L’IDÉE REÇUE DE LA SEMAINE – « Le sida va rayer l’Afrique de la carte du monde »

Très vite identifié comme maladie sexuellement transmissible, donc chargé de tabous, le sida, comme en son temps la syphilis, devait trouver ses coupables. En Afrique subsaharienne, dès son apparition, il fut considéré par l’opinion publique comme une maladie propagée par les Blancs pour décimer les populations noires. On se perdit en conjectures toutes plus irrationnelles les unes que les autres (virus échappé de laboratoires, chercheurs démoniaques).

Au début des années 1980, tandis que les statistiques relevées en Afrique par l’Organisation mondiale de la santé (OMS) indiquaient l’inexorable progression du VIH, nombre d’Africains perçurent comme une offense le poids accablant d’une accusation souvent insidieuse portée par les médias occidentaux. L’idée s’imposa que l’Afrique allait se dépeupler irrémédiablement. On était passé, en moins de dix ans, d’une obsession de natalité galopante – véritable hantise des puissances occidentales au prétexte qu’elle mettait en péril les réserves nutritionnelles de la planète – à une démographie en chute libre, jusqu’à faire disparaître les populations africaines.

C’était oublier que l’Afrique n’est pas une mais multiple. Que, face au sida, la mosaïque des peuples qui l’habitent offre des comportements très variables selon l’environnement, la religion, la culture, les traditions, la politique en cours ou l’économie. D’un pays à l’autre, d’une décennie à l’autre, on observe ainsi des ripostes collectives d’une grande diversité face à l’irruption du sida : le VIH qui s’était déclaré en même temps à Kinshasa, Kampala, Kigali et Lusaka est resté stable dans la capitale de la RDC, tandis que le nombre des personnes contaminées explosait dans les trois autres capitales, sans explication simple et évidente.

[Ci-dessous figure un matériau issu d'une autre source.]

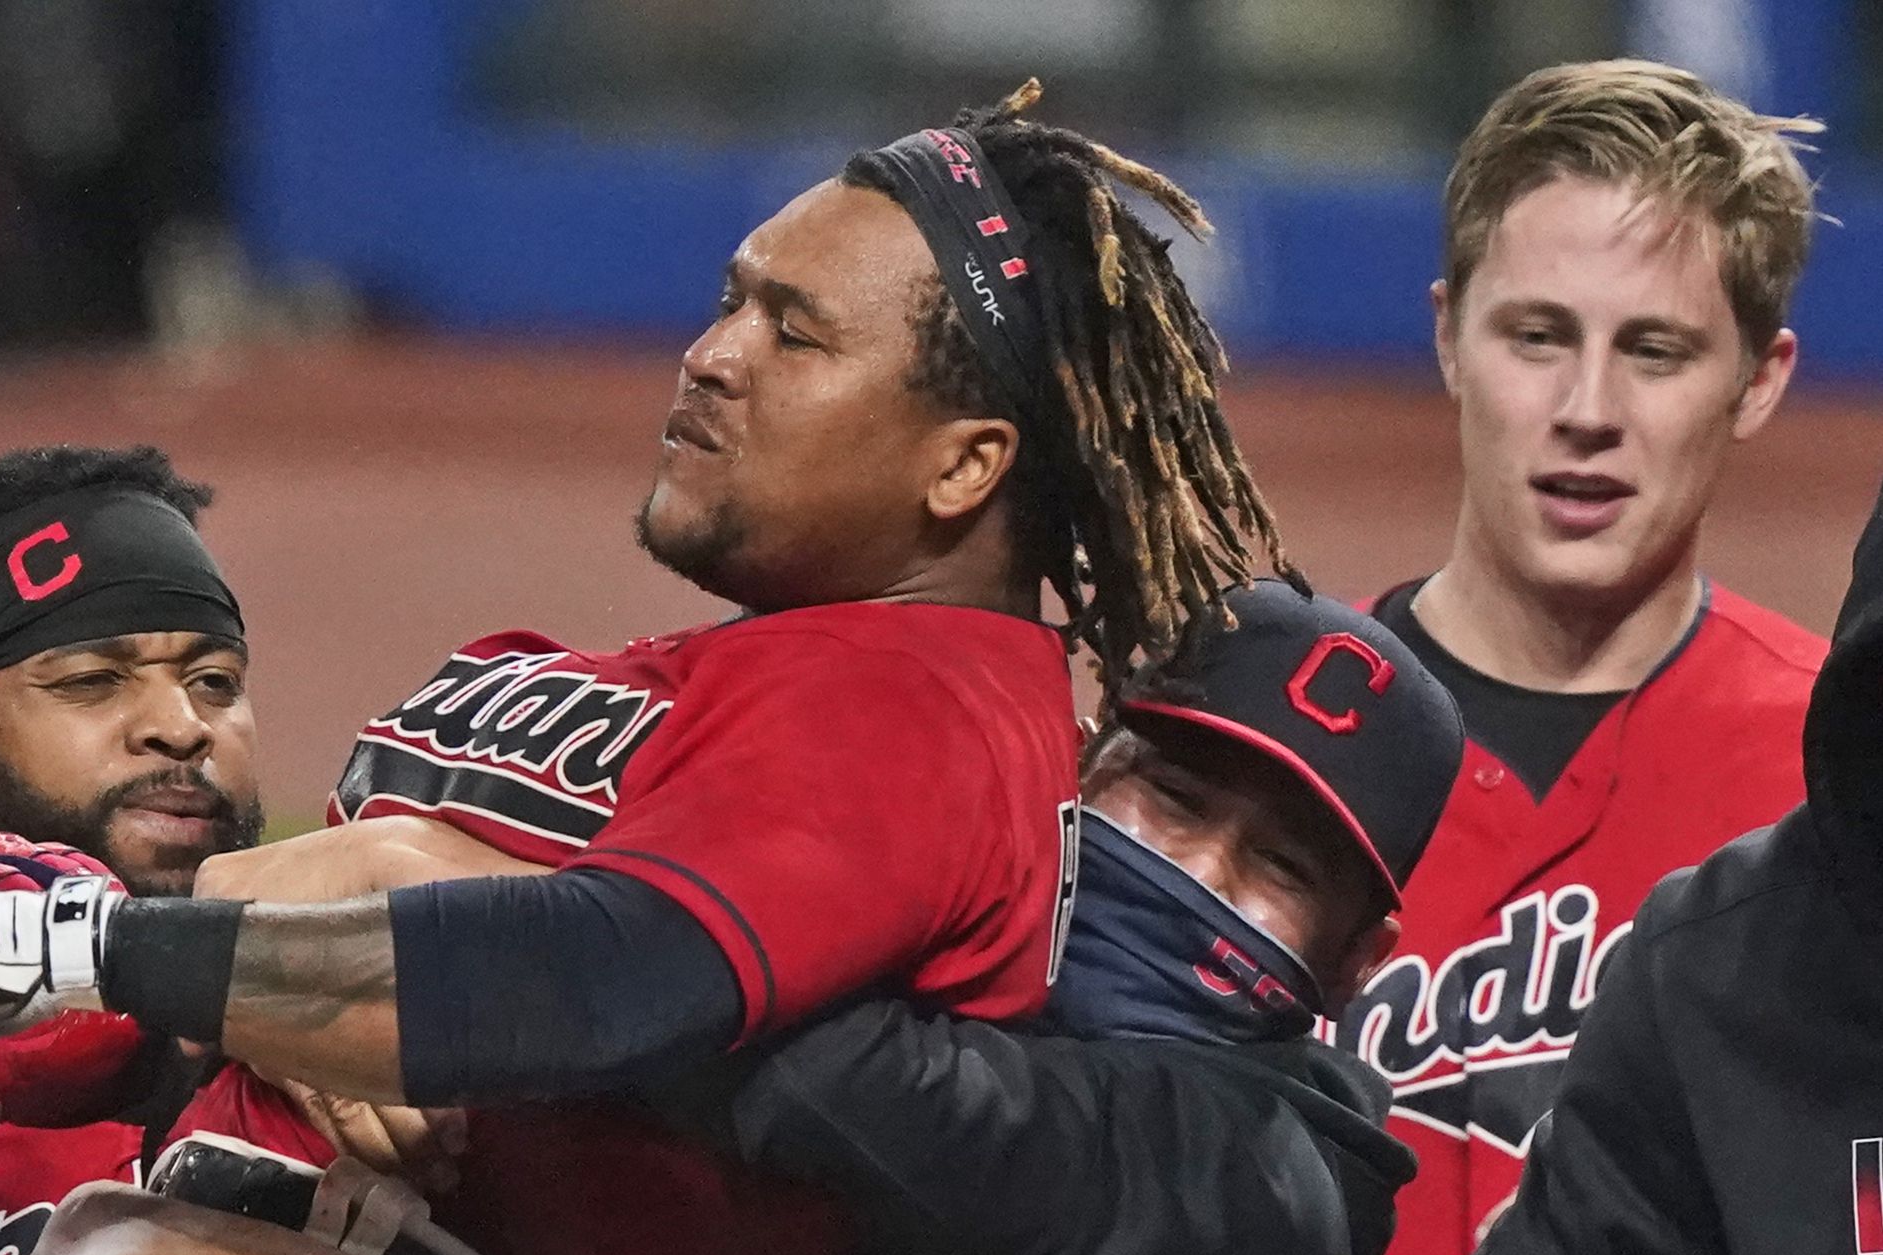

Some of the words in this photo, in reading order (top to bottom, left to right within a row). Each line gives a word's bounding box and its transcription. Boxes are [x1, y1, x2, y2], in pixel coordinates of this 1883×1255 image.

[965, 262, 1005, 326] JUNK
[7, 521, 83, 601] C
[1286, 631, 1397, 734] C

Mieux, on constate à présent que les premiers pays touchés d’hier peuvent être aujourd’hui parmi les moins affectés, et inversement. Rien ne laissait augurer, il y a quinze ans, que l’Ouganda, où ne survivaient plus que les vieillards et les enfants, serait en 2006 présenté comme « modèle à suivre », avec une diminution de l’infection (4 % de prévalence en 2004 contre 13 % en 1990), chez les adolescentes plus particulièrement.
Une part de ce succès est à mettre au crédit de l’association Taso (The Aid Support Organisation). Sa fondatrice, Noreen Koliba, emblème africain de la lutte contre le sida, voulait que « l’Ouganda continue à apporter la preuve que l’épidémie recule devant les interventions humaines. L’utilisation du préservatif chez les femmes célibataires de 15 à 24 ans a presque doublé en six ans et un nombre important des femmes de ce groupe d’âge ont retardé leur activité sexuelle ou pratiquent une totale abstinence ».

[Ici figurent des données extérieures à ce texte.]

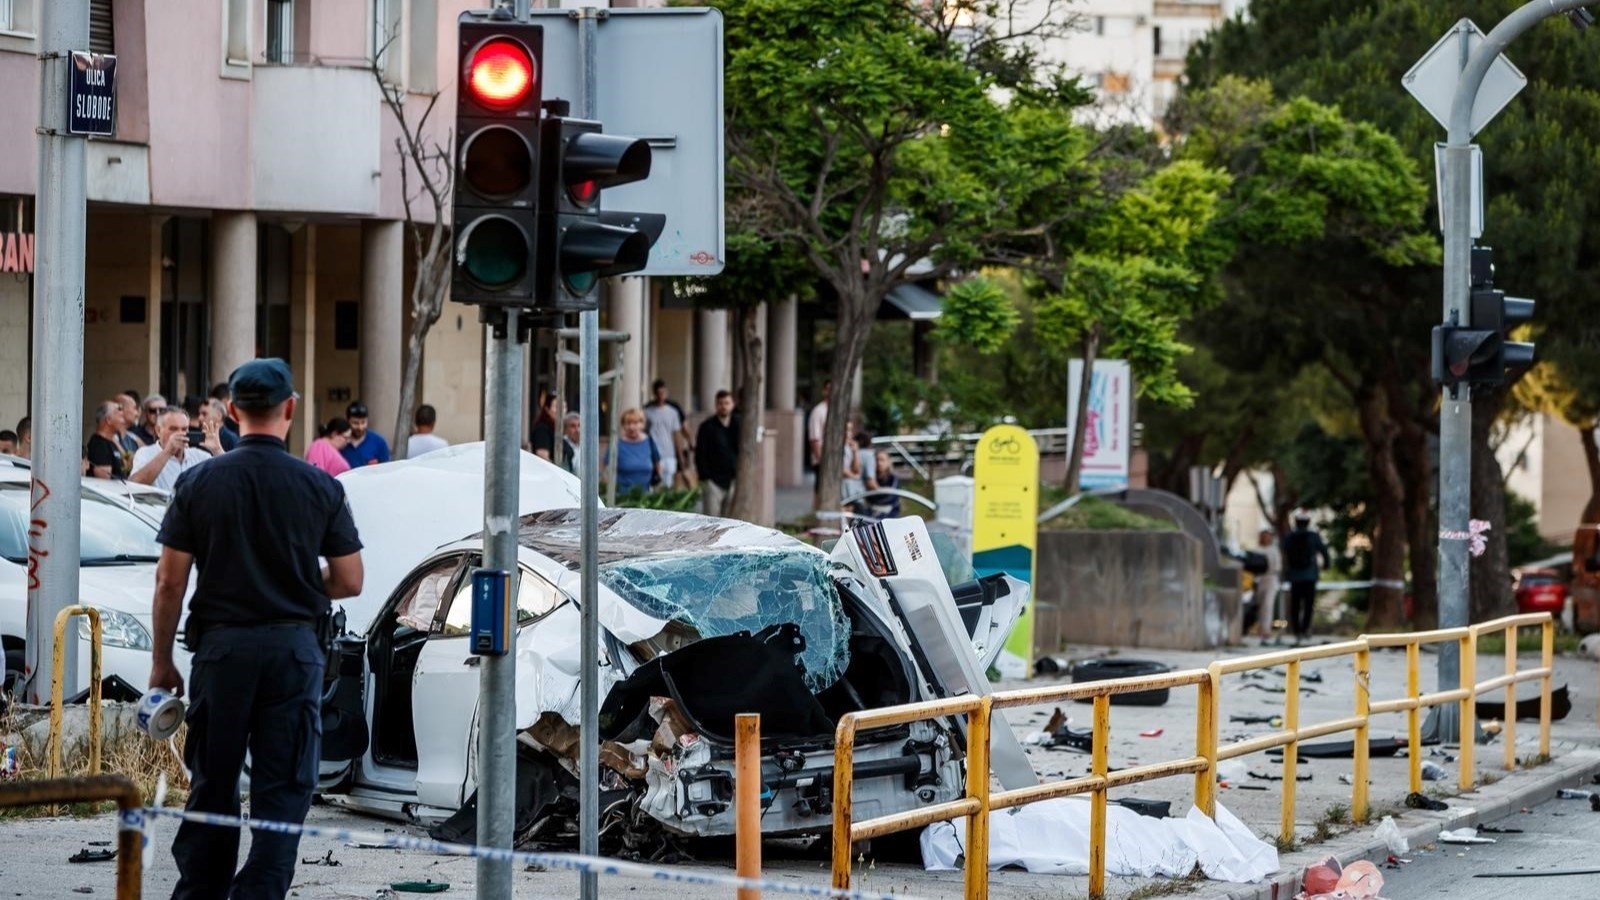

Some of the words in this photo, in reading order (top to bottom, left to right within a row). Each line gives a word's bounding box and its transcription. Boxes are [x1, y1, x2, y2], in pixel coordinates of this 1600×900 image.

À l’inverse, le Cameroun est entré dans la phase la plus explosive de l’épidémie alors qu’on le tenait pour le miraculé des années 1980 et qu’il avait lancé à l’époque des campagnes de prévention très hardies.
La pauvreté, souvent incriminée, n’est pas un facteur décisif : le Botswana, qui dispose d’un système de santé performant, a atteint le seuil critique des 40 % de prévalence chez les 15-49 ans.

L’Afrique ne sera pas rayée de la carte du monde, même si environ 25 millions de ses habitants sont porteurs du virus du sida. Le danger est autre : en frappant de plein fouet la génération la plus active, la maladie pèse lourdement sur les économies, à commencer par l’agriculture, où le manque de bras actifs compromet à la longue la sécurité alimentaire. Depuis 1985, sept millions de travailleurs agricoles sont morts du sida. Le VIH réduit aussi à néant les efforts sanitaires pour améliorer la longévité des Africains : l’espérance de vie à la naissance avait longtemps stagné à des niveaux très bas avant de s’élever à 60 ans dans la décennie 1970.